Lorena Galarza, docente facilitadora de Carpintería y autora de uno de los mejores ensayos del simposio “Construyendo Roles”, propone transformar el rol docente para dar respuesta a la realidad que viven los alumnos. “Debemos acompañar el cambio y brindar una educación de calidad”, asegura.

- “20/30 fue un aprendizaje mutuo: no sólo los alumnos aprendieron, yo también lo hice”, expresó la facilitadora de Carpintería.

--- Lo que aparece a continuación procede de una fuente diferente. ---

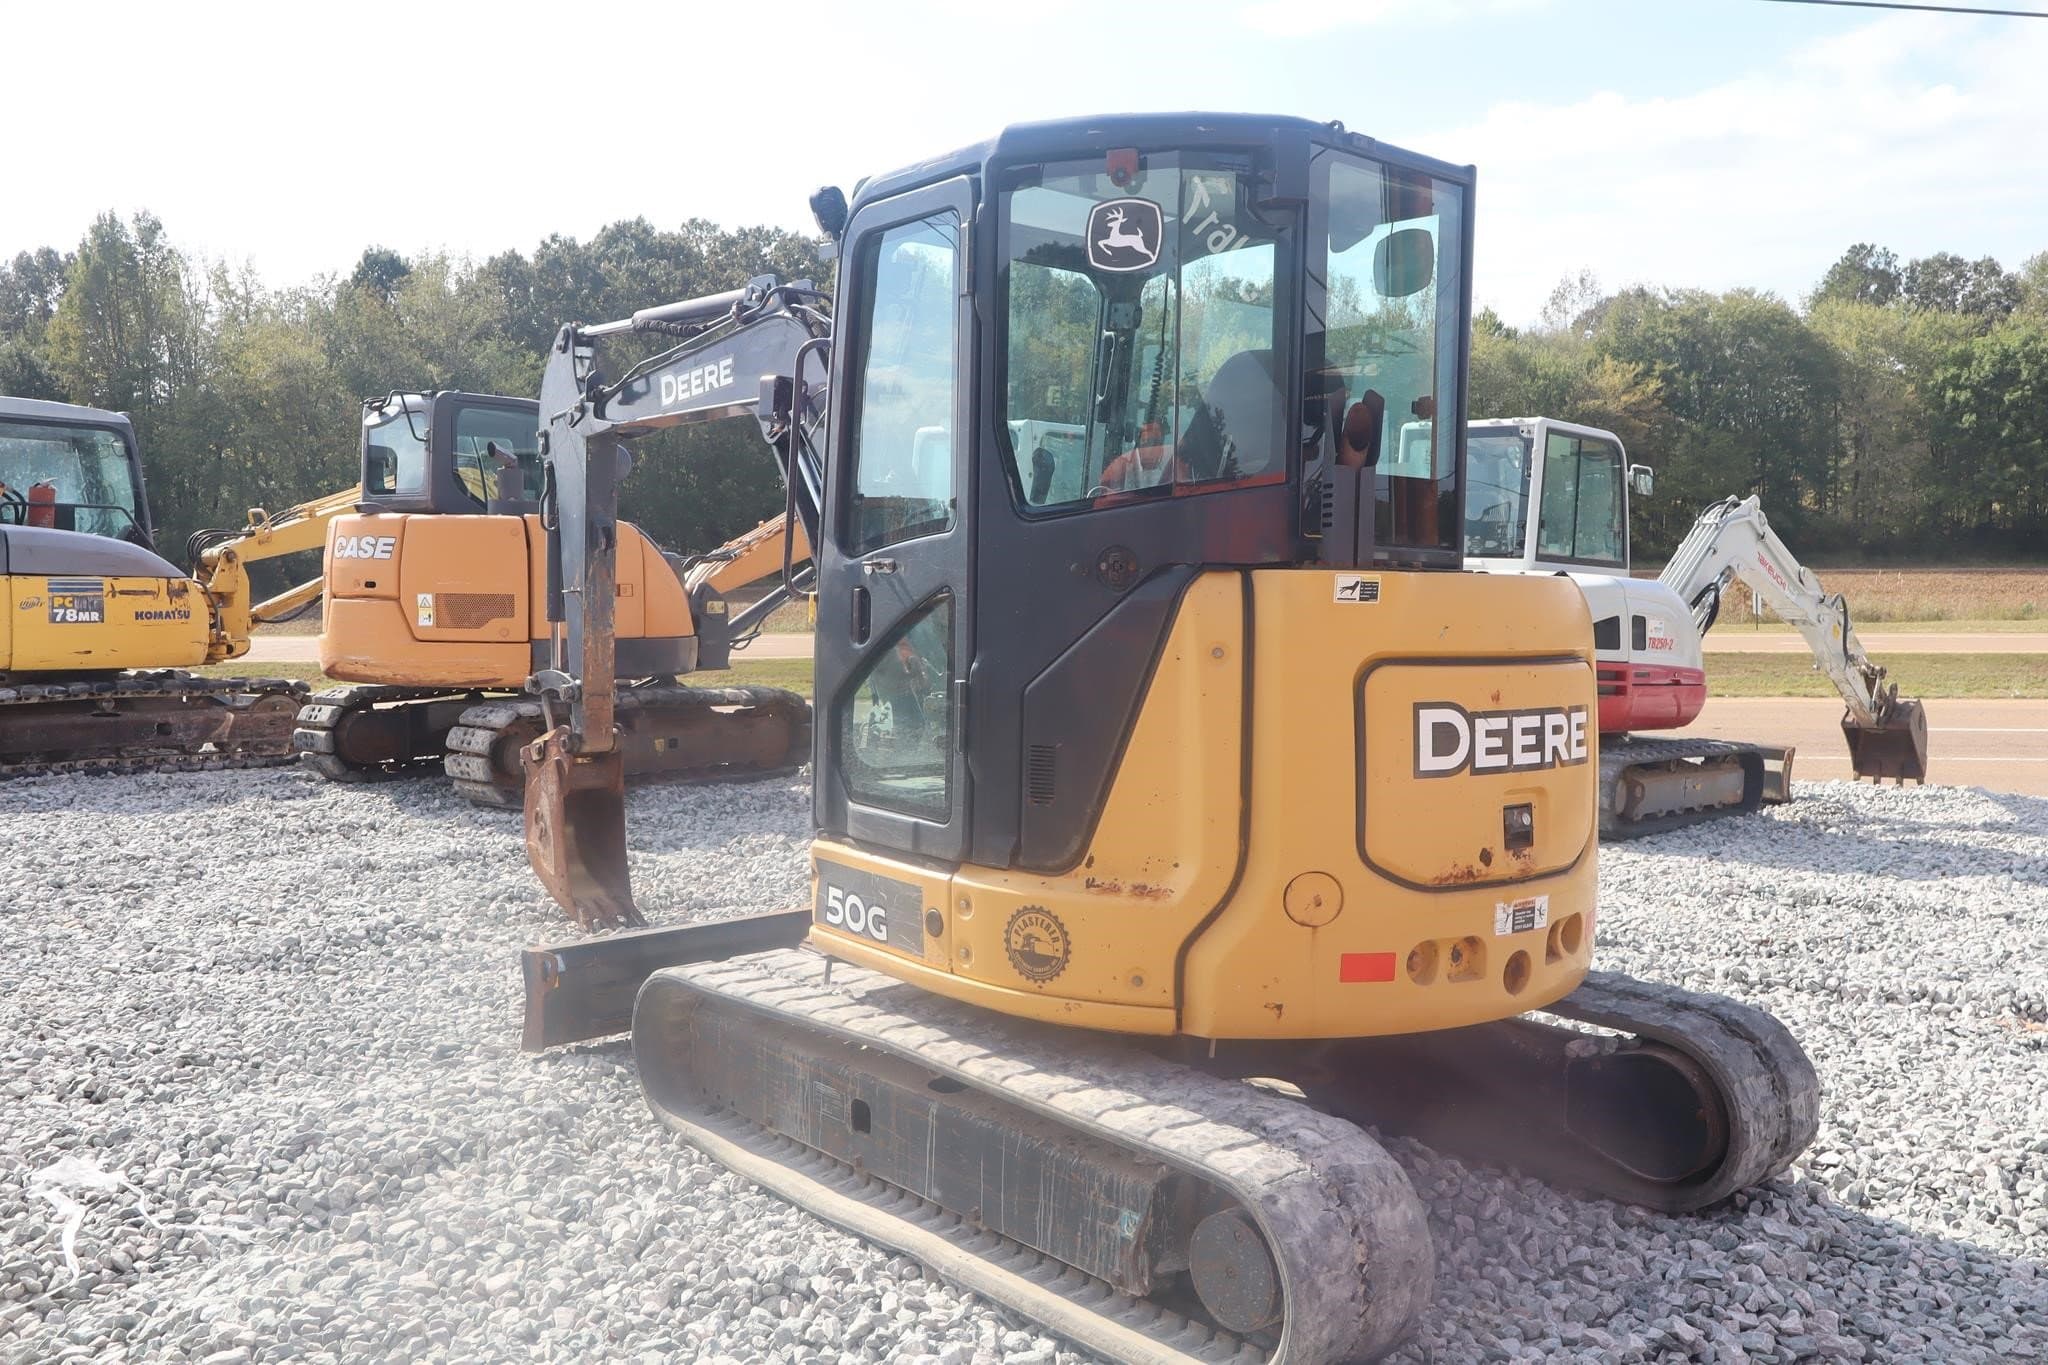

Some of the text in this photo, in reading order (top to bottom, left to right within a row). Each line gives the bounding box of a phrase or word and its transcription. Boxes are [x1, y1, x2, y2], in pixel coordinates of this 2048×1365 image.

[660, 357, 734, 407] DEERE
[334, 535, 396, 560] CASE
[53, 597, 74, 609] PC
[53, 608, 101, 623] 78MR
[134, 608, 191, 621] KOMATSU
[1418, 706, 1589, 773] DEERE
[826, 885, 889, 942] 50G
[1013, 915, 1061, 945] PLASTERER

“20/30 fue un aprendizaje mutuo: no sólo los alumnos aprendieron, yo también lo hice”, expresó la facilitadora de Carpintería.

El plan 20/30 significó para muchos docentes concebir la profesión desde otra perspectiva, desde una mirada más integral. Y es que dentro del aula no sólo facilitan el conocimiento sino que acompañan en el proceso a alumnos con distintas realidades y tiempos de aprendizaje. Este desafío fue analizado por Lorena Galarza, docente facilitadora de la localidad de Carpintería, en el ensayo “La construcción de roles en el plan 20/30. Impacto para la mejora del rol del facilitador”.

“El mundo que nos rodea se transforma día a día. Los alumnos tienen nuevas necesidades e intereses y, para poder insertarse en la sociedad, en el mundo laboral o continuar con sus estudios terciarios o universitarios, nosotros como educadores debemos acompañar ese cambio y brindar una educación de calidad”, asegura Galarza, cuya ponencia fue reconocida en el 1° Simposio del plan 20/30 “Construyendo Roles”.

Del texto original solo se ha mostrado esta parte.